NeuroTrauma Department Seeks to Improve Brain Function

By Dr. Anke Scultetus and Dr. Charles Auker, Naval Medical Research Center NeuroTrauma Department

Dr. Saad Habib Mullah (pictured) and Dr. Biswajit Saha are measuring brain tissue oxygenation using phosphorescence quenching to evaluate to efficacy of blood substitutes in the treatment of traumatic brain injury. (Photo by Mikelle D. Smith)
Dr. Saad Habib Mullah (pictured) and Dr. Biswajit Saha are measuring brain tissue oxygenation using phosphorescence quenching to evaluate to efficacy
of blood substitutes in the treatment of traumatic brain injury. (Photo by Mikelle D. Smith)

 

The NeuroTrauma Department at the Naval Medical Research Center (NMRC) conducts research on a variety of topics pertinent to the protection, care, and resuscitation of combat casualties, primarily those occurring in austere circumstances with anticipated delay to definitive care.

The Department maintains three major programs:

-The Blast Research Program consists of human clinical and operational research together with several laboratory model systems.

-The Operational Medicine Program focuses primarily on emergent militarily relevant issues that could be immediately deployed onto the battlefield.  Collaborative efforts with senior trauma surgeons at the Walter Reed National Military Medical Center strengthen the translational value of laboratory evaluations.

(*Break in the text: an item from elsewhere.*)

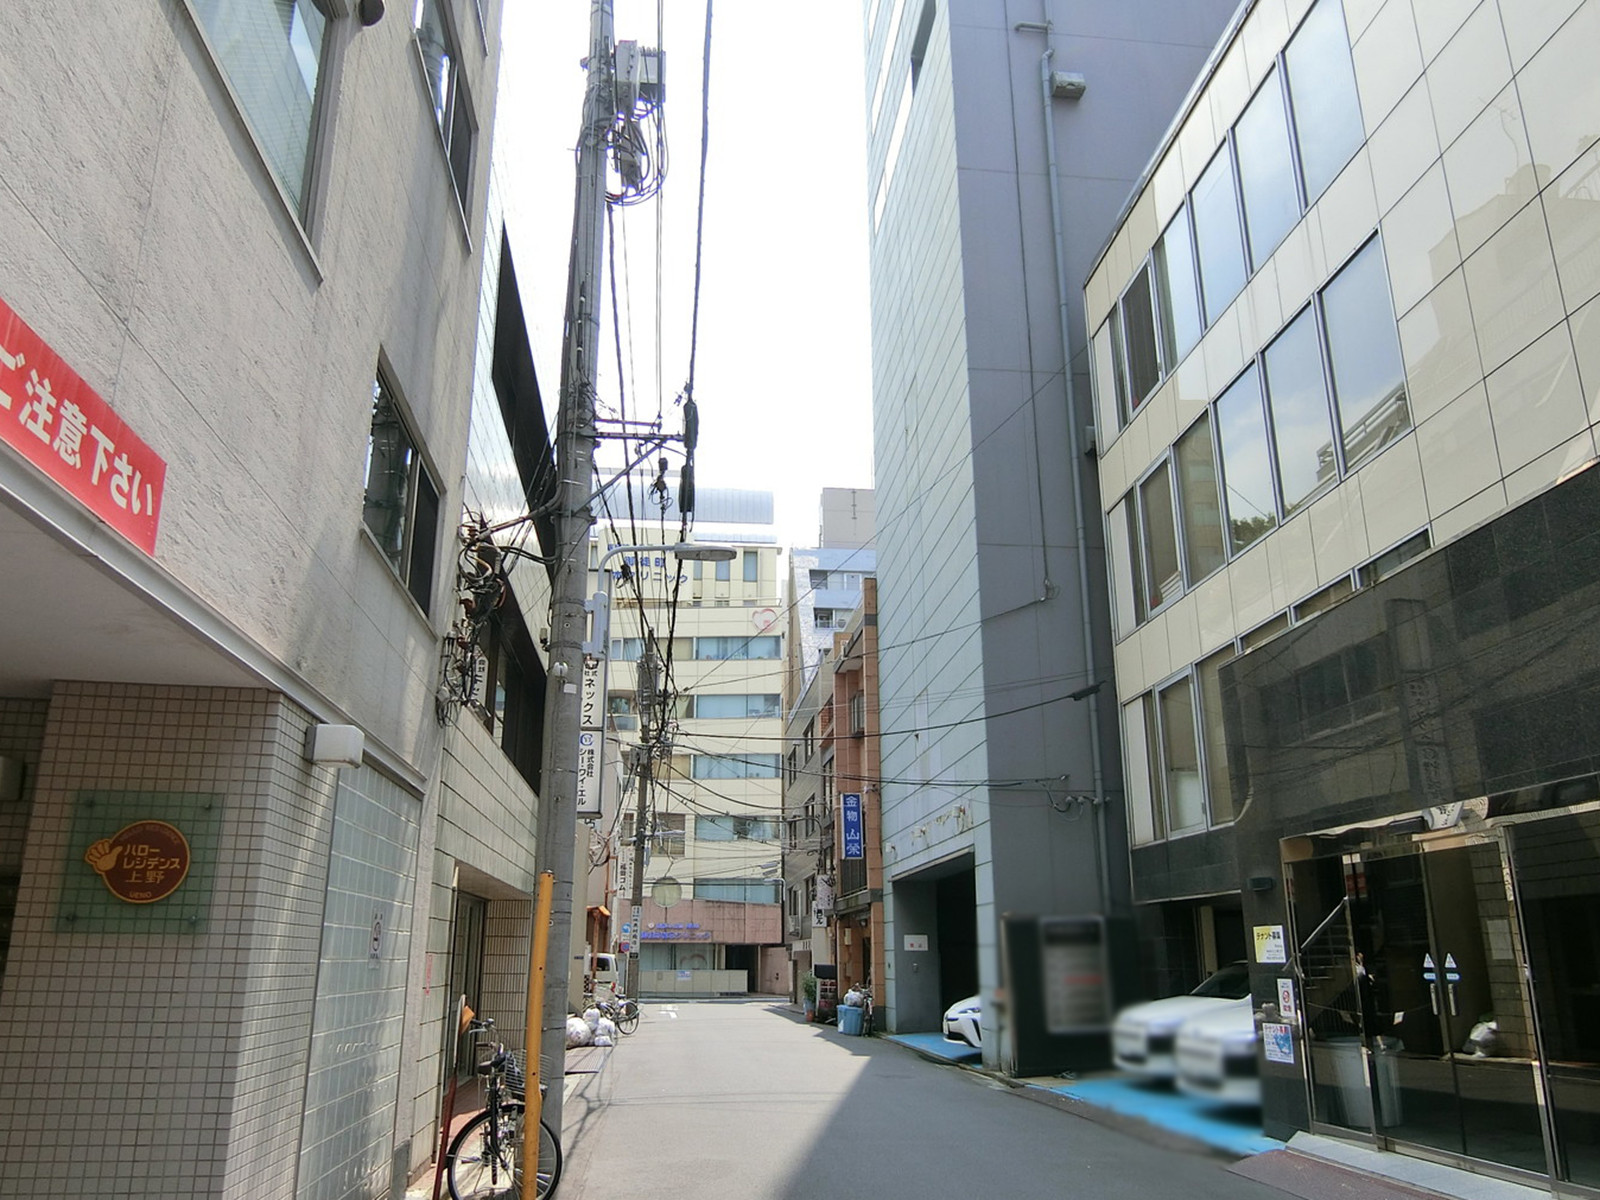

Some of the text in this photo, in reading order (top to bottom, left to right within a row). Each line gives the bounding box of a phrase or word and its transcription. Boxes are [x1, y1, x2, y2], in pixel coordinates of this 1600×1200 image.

Research efforts in the Polytraumatics Program are designed to address pre-hospital and early-hospital treatment of combat trauma involving traumatic brain injury (TBI) with and without concomitant injuries (polytrauma) such as hemorrhagic shock (HS), acute respiratory distress syndrome or soft tissue and bone injuries.

For patients with TBI, mortality doubles when hypotension and hypoxemia, hallmarks of severe hemorrhagic shock (HS), occur concurrently.  While blood remains the ideal fluid to treat TBI/HS casualties, deployment of blood is logistically costly, complex, requires additional training, and is rarely available in forward combat areas. There is virtually no field-compatible intervention known that improves final outcome.   A field-deployable, low-volume, temperature-stabile Oxygen Therapeutic (OT) agent that enhances oxygen delivery to the brain may benefit the early (pre-hospital) care of TBI casualties with and without concurrent HS.  Such an OT agent could save lives and preserve neurologic function in combat casualties.

The Polytraumatics Program is evaluating seven currently obtainable OTs for their potential to oxygenate brain tissue and reduce neurological damage in laboratory model with and without moderate TBI.

Vasoconstriction, a secondary measurement parameter, has been a major safety concern in older generation oxygen therapeutics, but our initial study in a laboratory model indicated that a number of these newer OTs have little or no vasoconstricting effects on brain vessels.

It is our goal to investigate whether or not this will translate into a safe and effective drug treatment.  Any promising drugs identified in this study will be positioned for further investigation in a more sophisticated TBI laboratory model.

The overall goal of the NeuroTrauma Department is to develop, or support development of, new improved field-capable therapies and regimens of care that will save lives on the battlefield, en route to definitive care, and during early emergency care.